算法笔记 C++ STL学习（string的常见用法）

string：存放字符串
字符串的访问：
单个字符：字符数组访问方式
整个字符串：只能用cin，cout

    #include<stdio.h>
    #include<iostream>
    #include<string.h>
    #include<stdlib.h>
    #include<string>
    using namespace std;
    int main(void){
        string str = "fdsfdsf";
        int i;
        for(i=0;i<str.length();i++){
            printf("%c",str[i]);
        }
        printf("\n");
        cout<<str;
        return 0;
    }

用printf输出string：使用c_str()将string转化为字符数组

    #include<stdio.h>
    #include<iostream>
    #include<string.h>
    #include<stdlib.h>
    #include<string>
    using namespace std;
    int main(void){
        string str = "fdsfdsf";
        printf("%s",str.c_str());
    }

通过迭代器访问，与其他迭代器用法相同

	#include<stdio.h>
    #include<iostream>
    #include<string.h>
    #include<stdlib.h>
    #include<string>
    using namespace std;
	int main(void){
        string str = "fdsfdsf";
        string::iterator it;
    }

常用函数：
字符串拼接

    #include<stdio.h>
    #include<iostream>
    #include<string>
    using namespace std;
    int main(void){
        string str1 = "abc",str2 = "def",str3;
        str3 = str1 + str2;
        str1 += str2;
        cout<<str1;
        cout<<"\n";
        cout<<str3;
    }

字符串比较大小：（==，>=，<）
字符串的长度：size()，length()
字符串插入：
insert(pos,string)：在pos位置插入string

    #include<stdio.h>
    #include<iostream>
    #include<string>
    using namespace std;
    int main(void){
        string str1 = "abc",str2 = "def",str3;
        str1.insert(2,str2);
        cout<<str1;
    }

insert(it,it2,it3)：it为字符串的欲插入位置，it2和it3为待插字符串的首尾迭代器

    #include<stdio.h>
    #include<iostream>
    #include<string>
    using namespace std;
    int main(void){
        string str1 = "abc",str2 = "def",str3;
        str1.insert(str1.begin()+2,str2.begin(),str2.end());
        cout<<str1;
    }

erase()：删除元素
clear()：清空
substr()：返回从pos位开始，长度为len的子串

    #include<stdio.h>
    #include<iostream>
    #include<string>
    using namespace std;
    int main(void){
        string str1 = "abcdef",str2 = "def",str3;
        cout<<str1.substr(2,3);
    }

常数：string::npos find函数失配时的返回值，值为 -1 或4294967295
find(str)：返回子串第一次出现的位置
find(str,pos)：从pos位开始查找，返回子串第一次出现的位置

    #include<stdio.h>
    #include<iostream>
    #include<string>
    using namespace std;
    int main(void){
        string str1 = "Thank you for your smile";
        string str2 = "you";
        string str3 = "me";
        cout<<str1.find(str2);
        cout<<str1.find(str3);
        return 0;
    }

replace(pos,len,str2)：从pos位开始长度为len的字符串替换为str2
replace(it1,it2,str2)：[it1,it2)范围内的字符串替换为str2

    #include<stdio.h>
    #include<iostream>
    #include<string>
    using namespace std;
    int main(void){
        string str1 = "Thank you for your smile";
        string str2 = "you";
        string str3 = "me";
        str1.replace(2,4,str2);
        str1.replace(str1.begin(),str1.end(),str2);
        cout<<str1<<endl;
        return 0;
    }

1060 Are They Equal (25分)
If a machine can save only 3 significant digits, the float numbers 12300 and 12358.9 are considered equal since they are both saved as 0.123×10​⁵ with simple chopping.
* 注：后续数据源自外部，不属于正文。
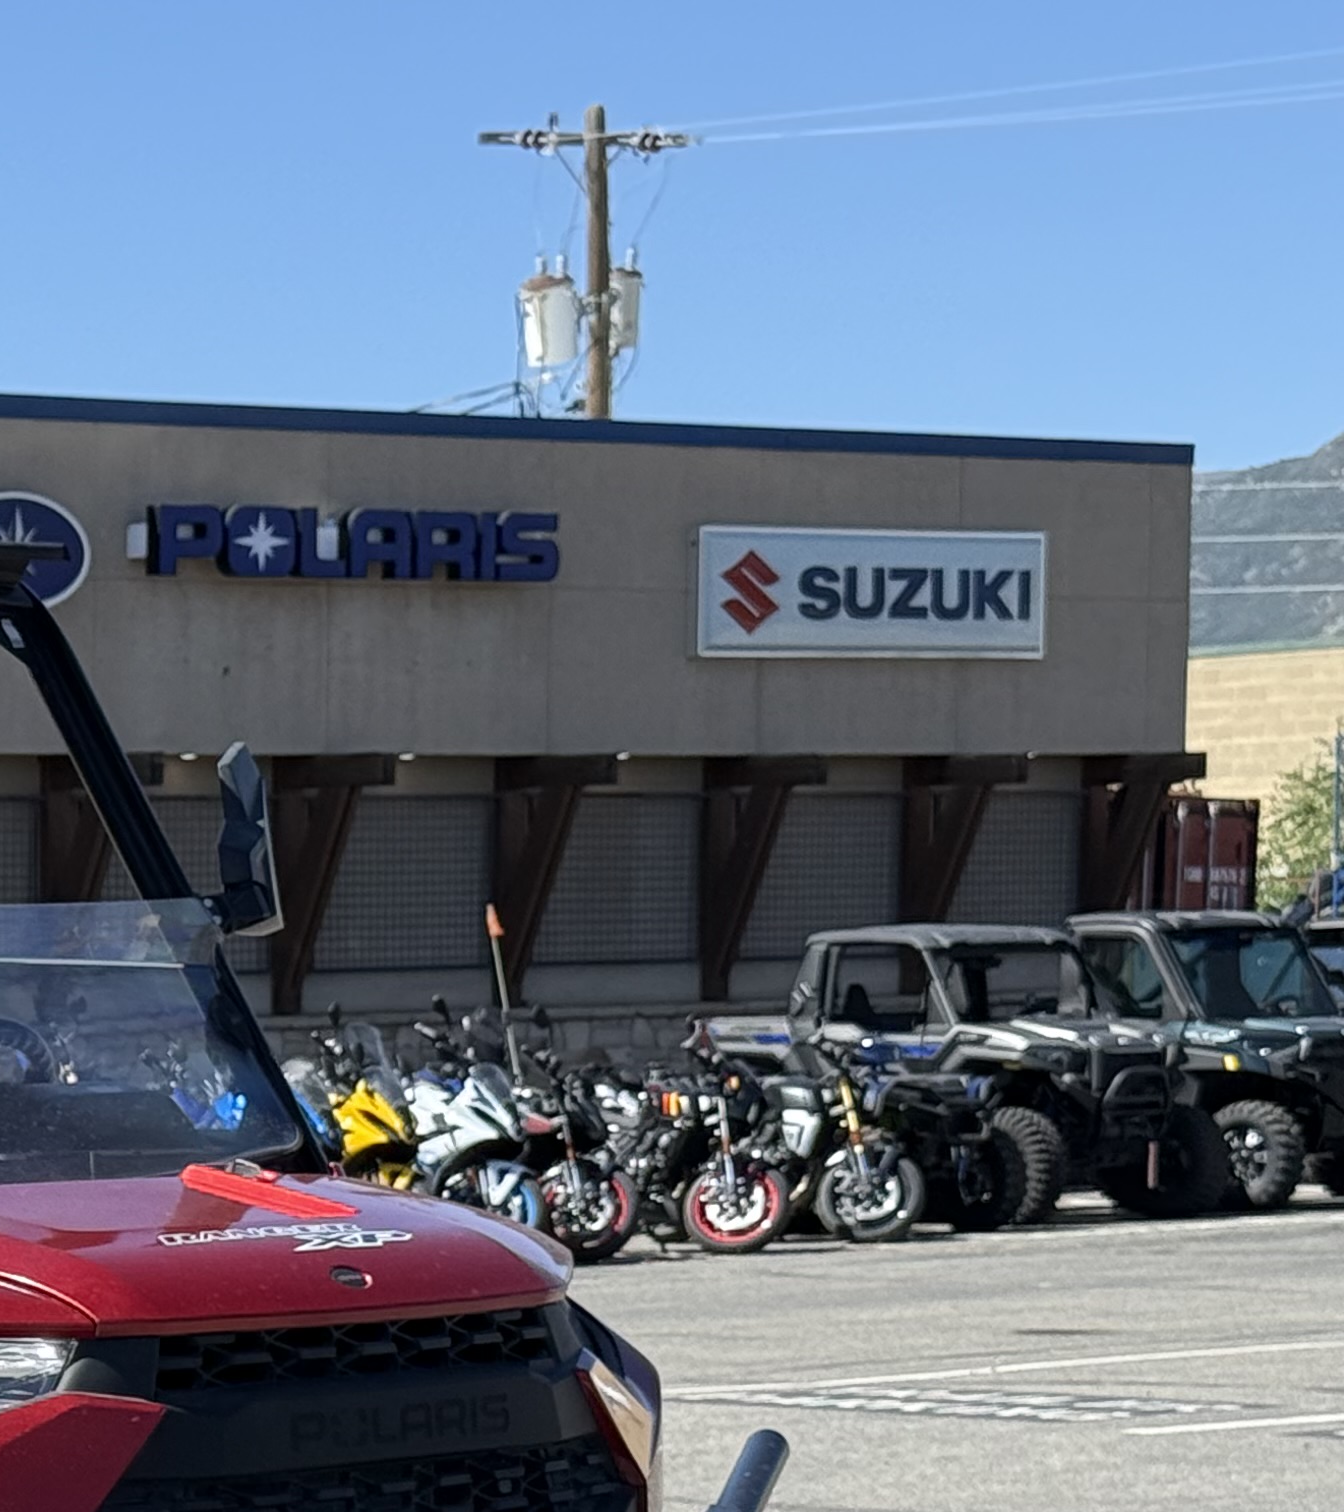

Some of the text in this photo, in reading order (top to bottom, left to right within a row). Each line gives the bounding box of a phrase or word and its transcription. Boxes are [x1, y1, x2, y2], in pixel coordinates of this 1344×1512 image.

[154, 504, 560, 582] POLARIS
[797, 565, 1032, 621] SUZUKI
[157, 1223, 361, 1246] RANGER
[293, 1229, 413, 1252] XP
[289, 1391, 512, 1453] POLARIS
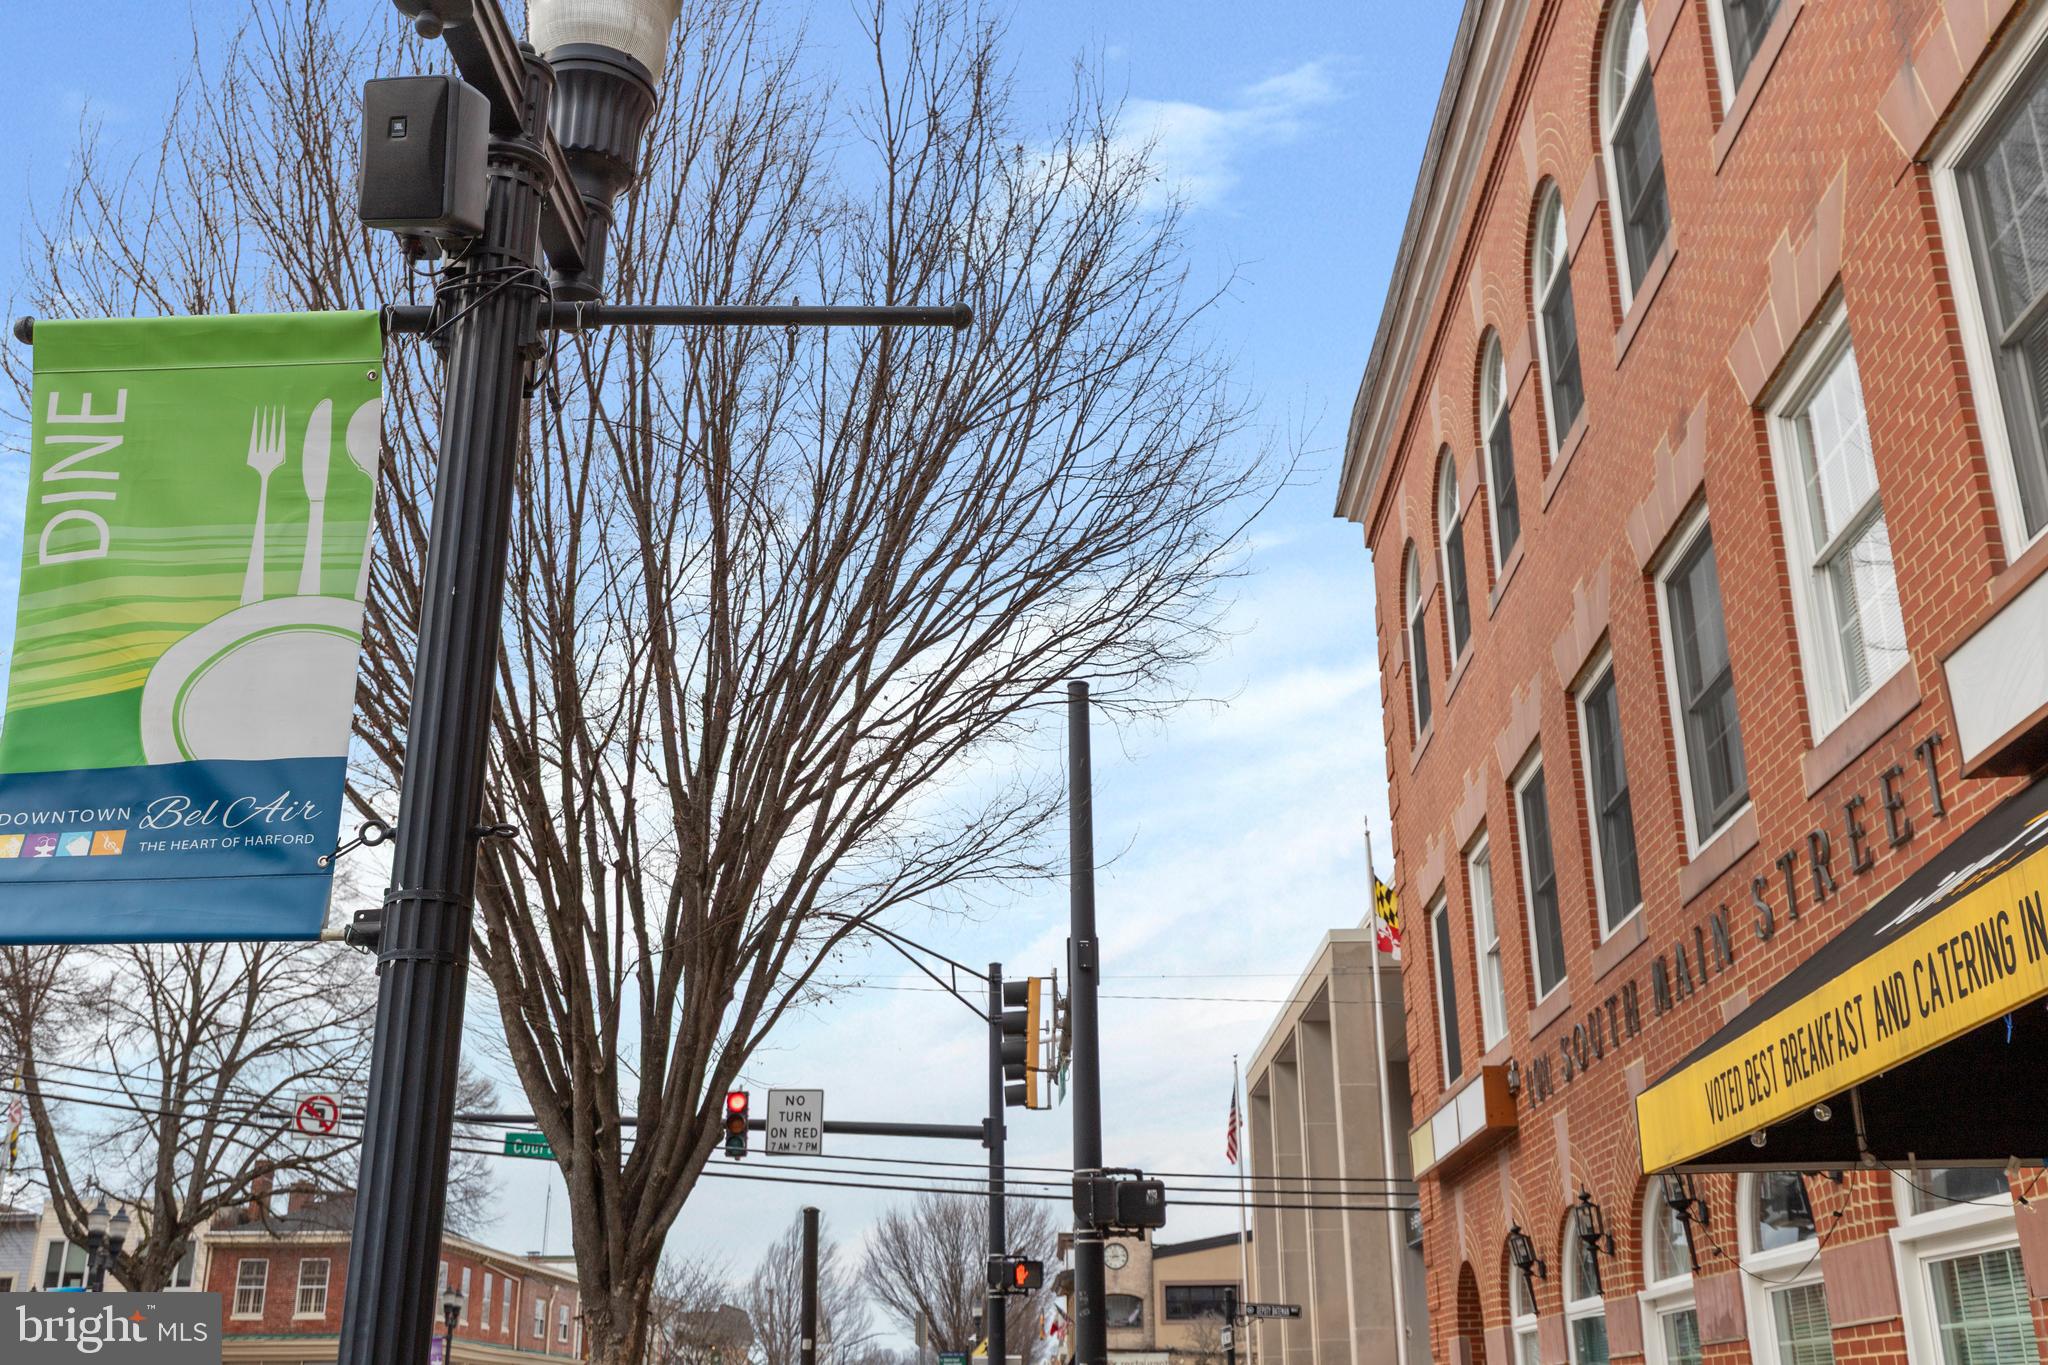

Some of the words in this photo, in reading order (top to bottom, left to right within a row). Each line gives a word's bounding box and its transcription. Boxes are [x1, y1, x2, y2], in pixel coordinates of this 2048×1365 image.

[38, 388, 128, 566] DINE
[0, 807, 131, 826] DOWNTOWN
[139, 795, 219, 830] Bel
[222, 790, 323, 830] Air
[139, 841, 167, 852] THE
[170, 838, 219, 851] HEART
[221, 837, 241, 848] OF
[244, 833, 315, 847] HARFORD
[1560, 979, 1641, 1083] SOUTH
[1651, 904, 1734, 1017] MAIN
[1750, 731, 1947, 941] STREET
[1704, 1065, 1745, 1125] VOTED
[1744, 1045, 1779, 1107] BEST
[1780, 994, 1868, 1088] BREAKFAST
[1873, 970, 1912, 1042] AND
[1912, 910, 2017, 1019] CATERING
[2018, 889, 2048, 964] IN
[785, 1095, 806, 1106] NO
[779, 1111, 811, 1122] TURN
[770, 1127, 787, 1138] ON
[794, 1127, 818, 1138] RED
[771, 1142, 777, 1151] 7
[779, 1142, 790, 1151] AM
[798, 1142, 803, 1151] 7
[805, 1142, 818, 1151] PM
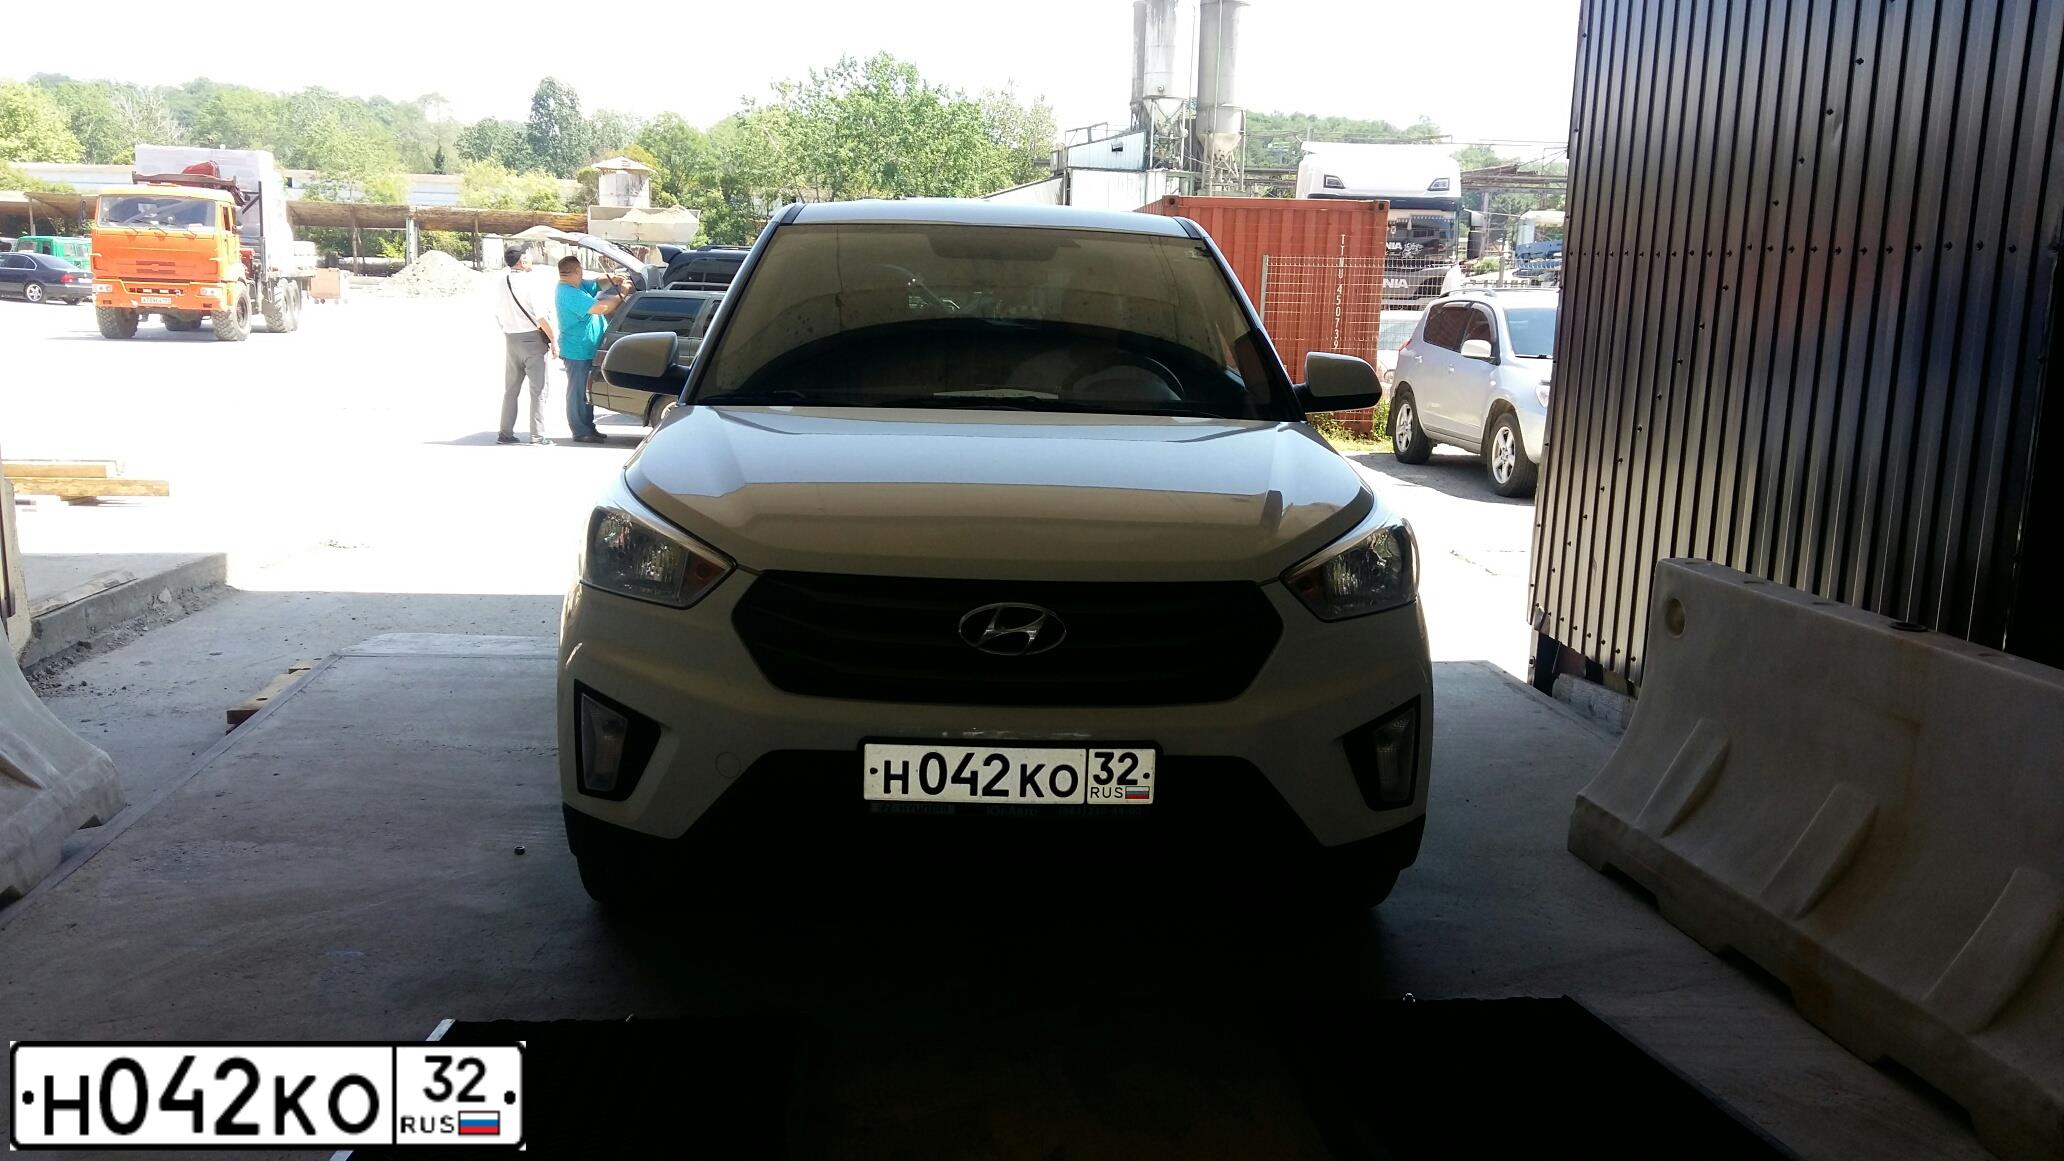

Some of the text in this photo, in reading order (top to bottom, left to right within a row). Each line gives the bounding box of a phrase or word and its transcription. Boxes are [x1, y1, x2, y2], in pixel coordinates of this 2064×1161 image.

Now given the number of significant digits on a machine and two float numbers, you are supposed to tell if they are treated equal in that machine.

Input Specification:
Each input file contains one test case which gives three numbers N, A and B, where N (<100) is the number of significant digits, and A and B are the two float numbers to be compared. Each float number is non-negative, no greater than 10​¹⁰⁰​​, and that its total digit number is less than 100.

Output Specification:
For each test case, print in a line YESif the two numbers are treated equal, and then the number in the standard form 0.d[1]...d[N]*10^k(d[1]>0unless the number is 0); or NOif they are not treated equal, and then the two numbers in their standard form. All the terms must be separated by a space, with no extra space at the end of a line.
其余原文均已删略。